● Data excerpts:
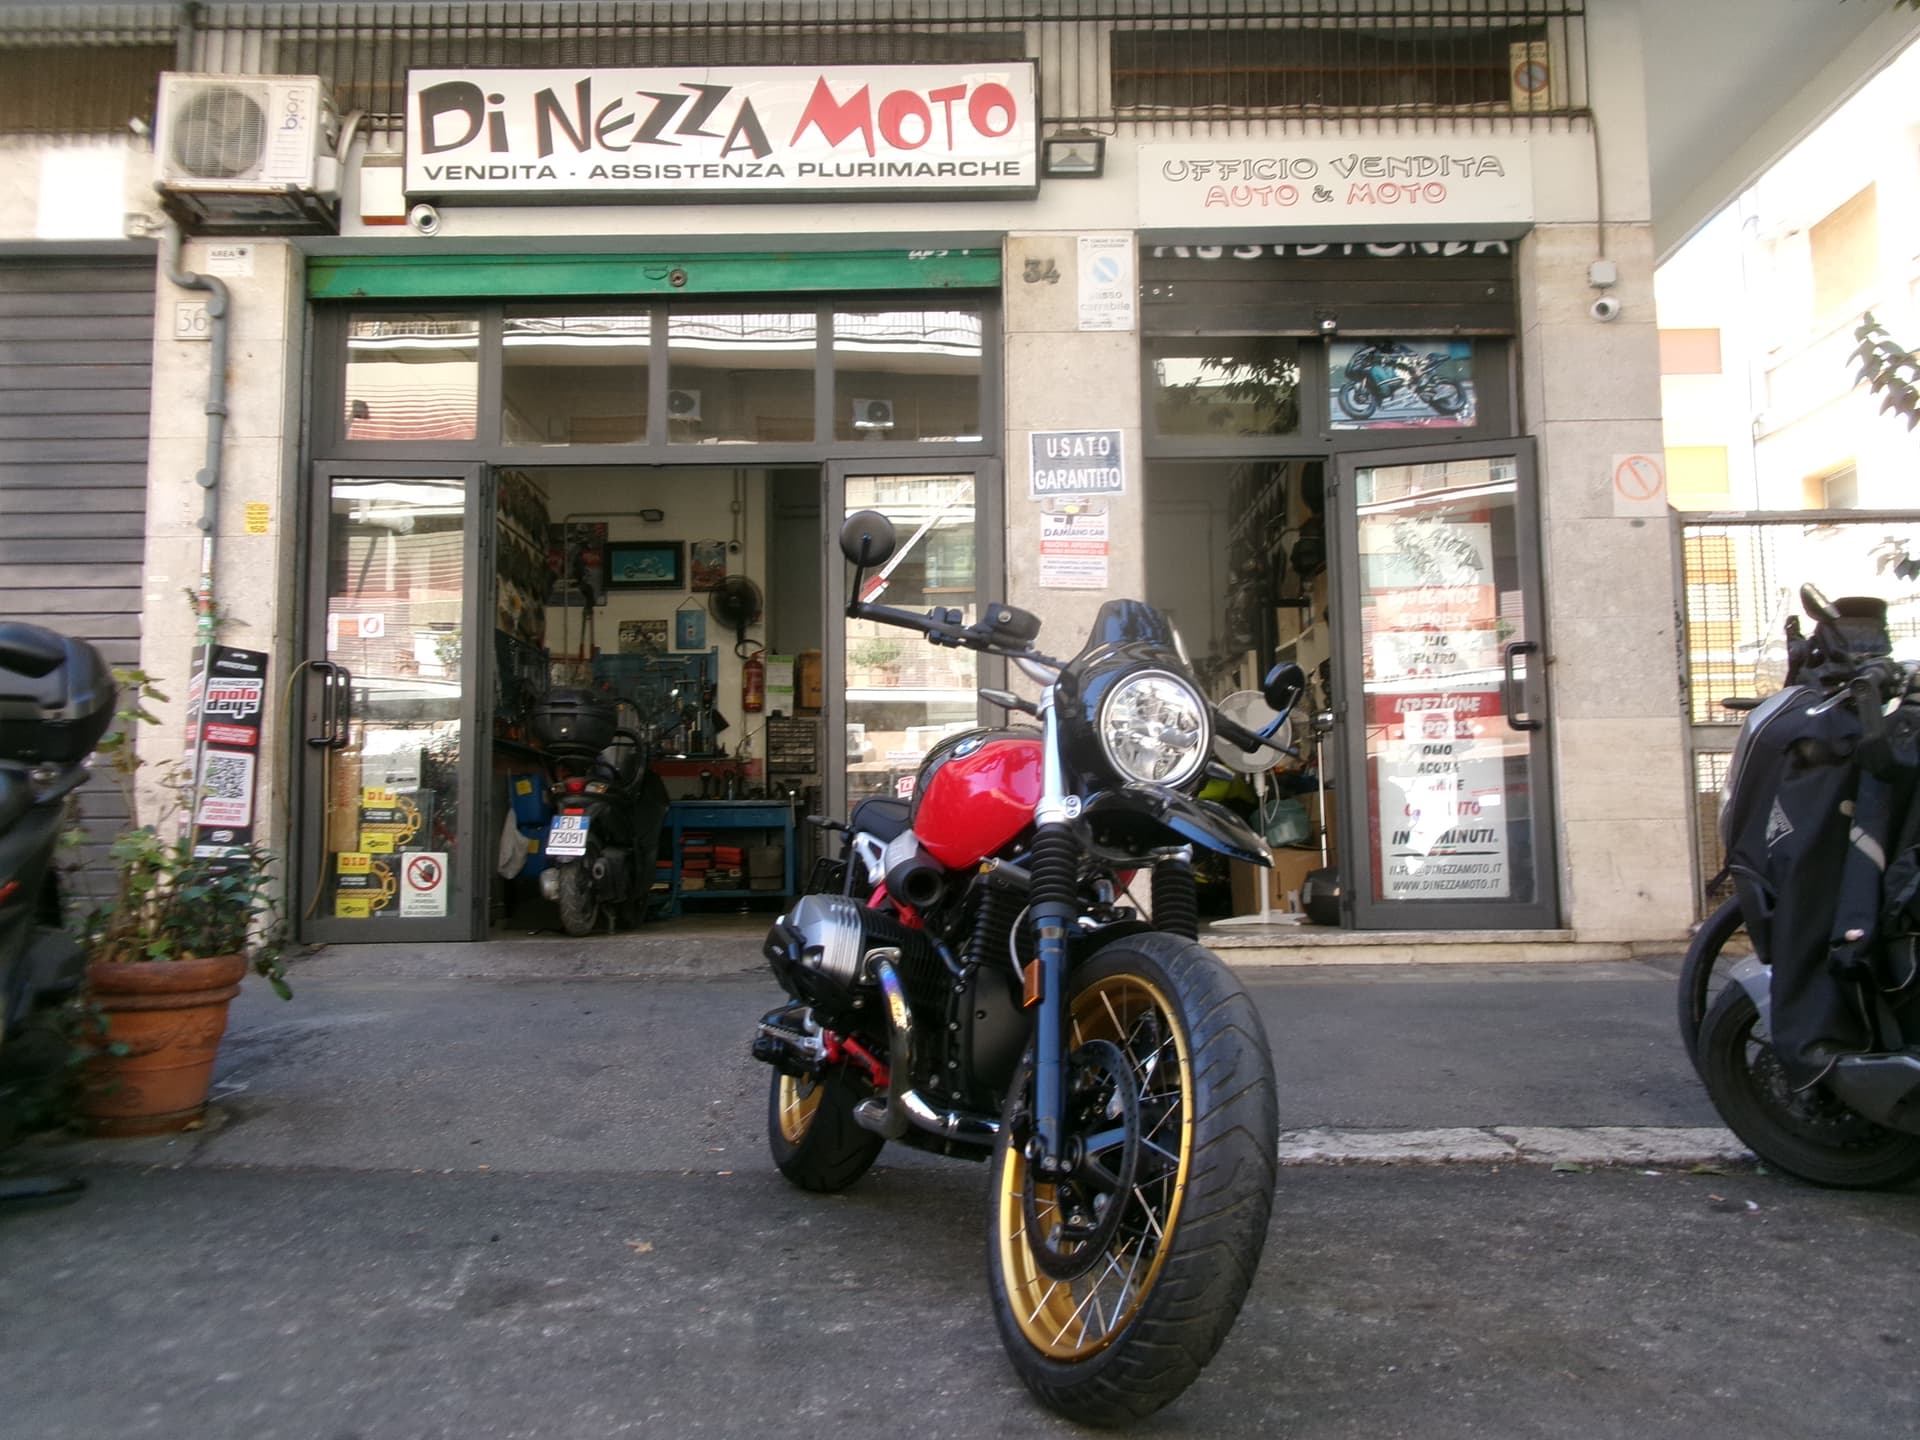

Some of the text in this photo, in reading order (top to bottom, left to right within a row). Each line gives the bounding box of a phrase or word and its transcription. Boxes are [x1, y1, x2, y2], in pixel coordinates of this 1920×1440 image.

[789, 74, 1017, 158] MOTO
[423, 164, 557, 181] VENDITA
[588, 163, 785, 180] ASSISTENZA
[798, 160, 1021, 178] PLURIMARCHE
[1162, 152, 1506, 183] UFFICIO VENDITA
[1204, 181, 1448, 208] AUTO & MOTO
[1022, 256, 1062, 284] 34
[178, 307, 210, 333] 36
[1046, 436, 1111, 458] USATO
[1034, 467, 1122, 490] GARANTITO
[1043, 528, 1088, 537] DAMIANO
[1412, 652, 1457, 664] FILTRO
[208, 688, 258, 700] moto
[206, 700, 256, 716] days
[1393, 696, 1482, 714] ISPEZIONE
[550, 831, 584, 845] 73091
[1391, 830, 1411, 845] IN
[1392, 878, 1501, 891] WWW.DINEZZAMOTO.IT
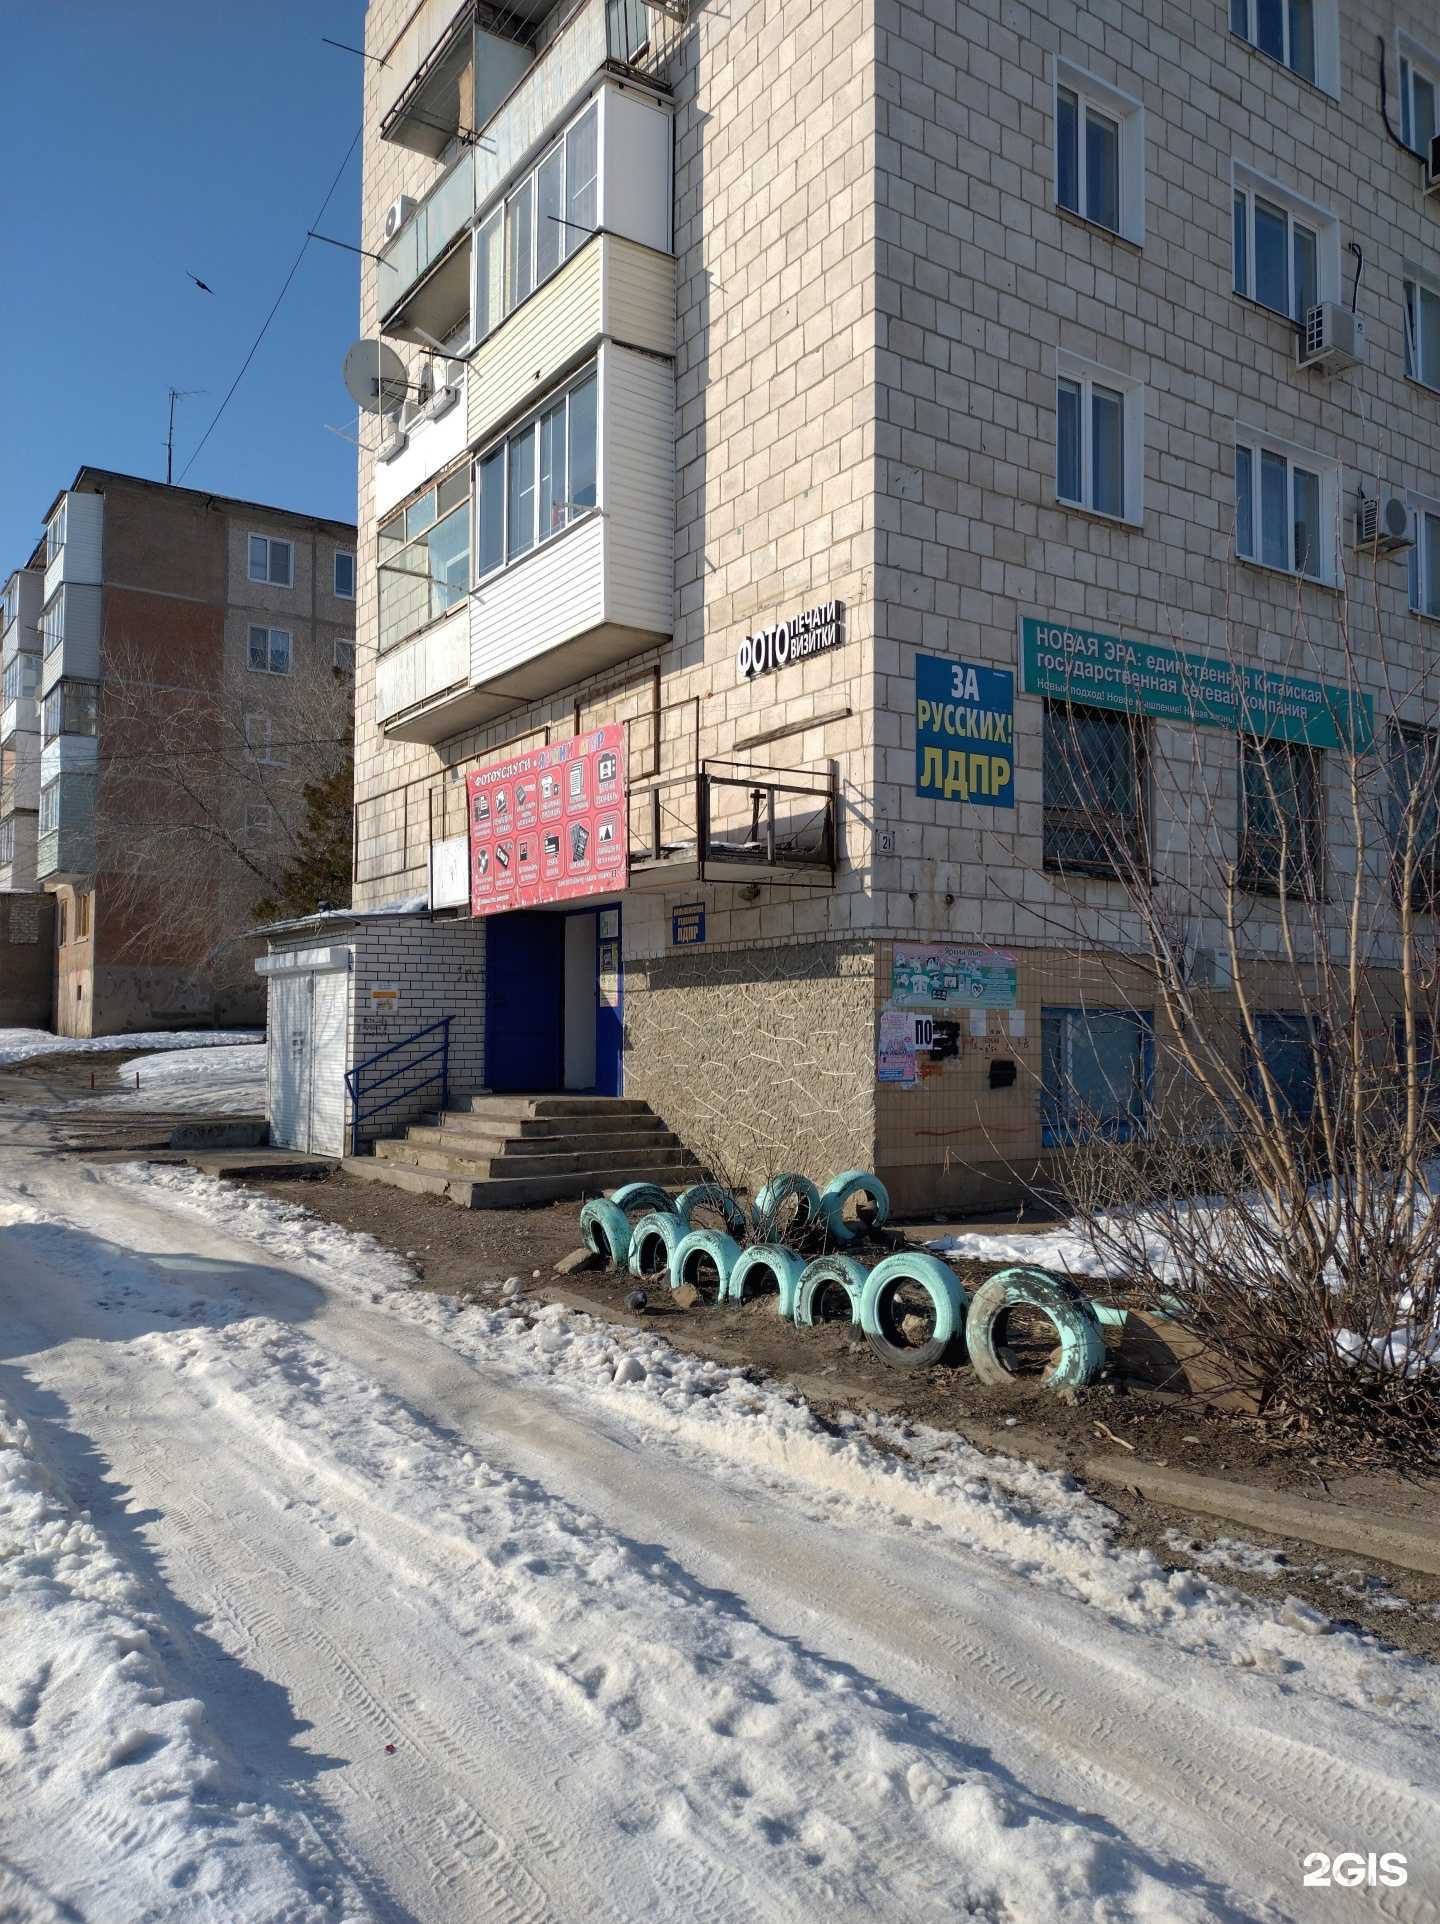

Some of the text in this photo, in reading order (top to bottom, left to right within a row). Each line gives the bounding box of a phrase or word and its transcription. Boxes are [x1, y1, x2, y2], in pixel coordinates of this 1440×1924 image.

--

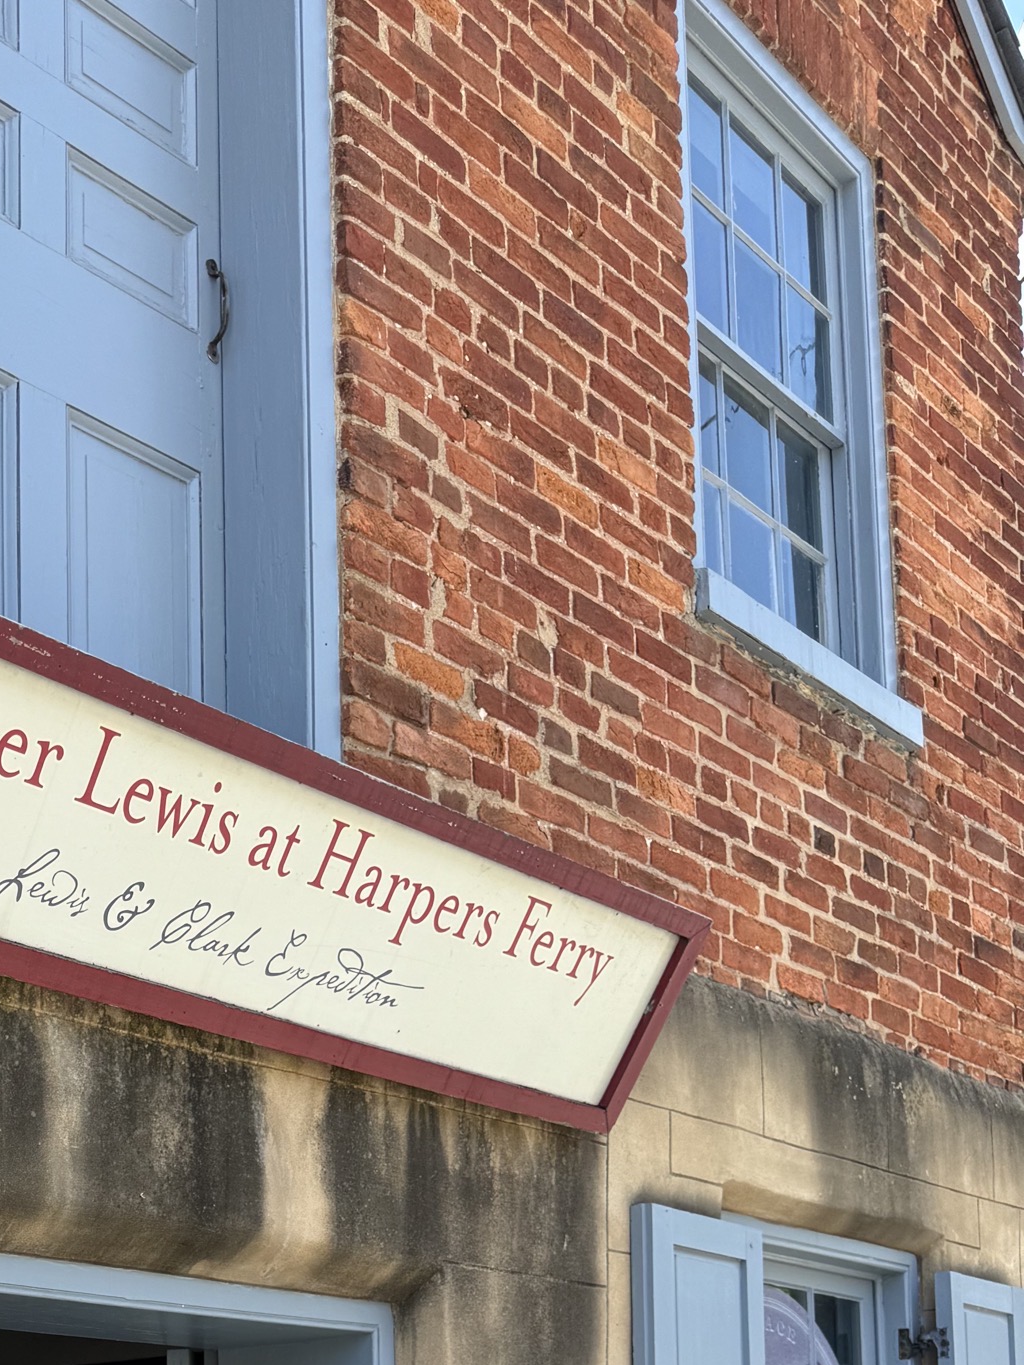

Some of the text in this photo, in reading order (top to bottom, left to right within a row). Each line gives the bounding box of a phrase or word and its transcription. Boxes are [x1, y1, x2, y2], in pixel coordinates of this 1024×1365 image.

● What the exercise asks:
Look above for the line with "this 1920×1440 image." and the line with "this 1440×1924 image.". Give again exactly those two lines and all lines between them, pictures excluded.

● Response for this exercise:
Some of the text in this photo, in reading order (top to bottom, left to right within a row). Each line gives the bounding box of a phrase or word and its transcription. Boxes are [x1, y1, x2, y2], in pixel coordinates of this 1920×1440 image.

[789, 74, 1017, 158] MOTO
[423, 164, 557, 181] VENDITA
[588, 163, 785, 180] ASSISTENZA
[798, 160, 1021, 178] PLURIMARCHE
[1162, 152, 1506, 183] UFFICIO VENDITA
[1204, 181, 1448, 208] AUTO & MOTO
[1022, 256, 1062, 284] 34
[178, 307, 210, 333] 36
[1046, 436, 1111, 458] USATO
[1034, 467, 1122, 490] GARANTITO
[1043, 528, 1088, 537] DAMIANO
[1412, 652, 1457, 664] FILTRO
[208, 688, 258, 700] moto
[206, 700, 256, 716] days
[1393, 696, 1482, 714] ISPEZIONE
[550, 831, 584, 845] 73091
[1391, 830, 1411, 845] IN
[1392, 878, 1501, 891] WWW.DINEZZAMOTO.IT

Some of the text in this photo, in reading order (top to bottom, left to right within a row). Each line gives the bounding box of a phrase or word and its transcription. Boxes are [x1, y1, x2, y2], in pixel coordinates of this 1440×1924 image.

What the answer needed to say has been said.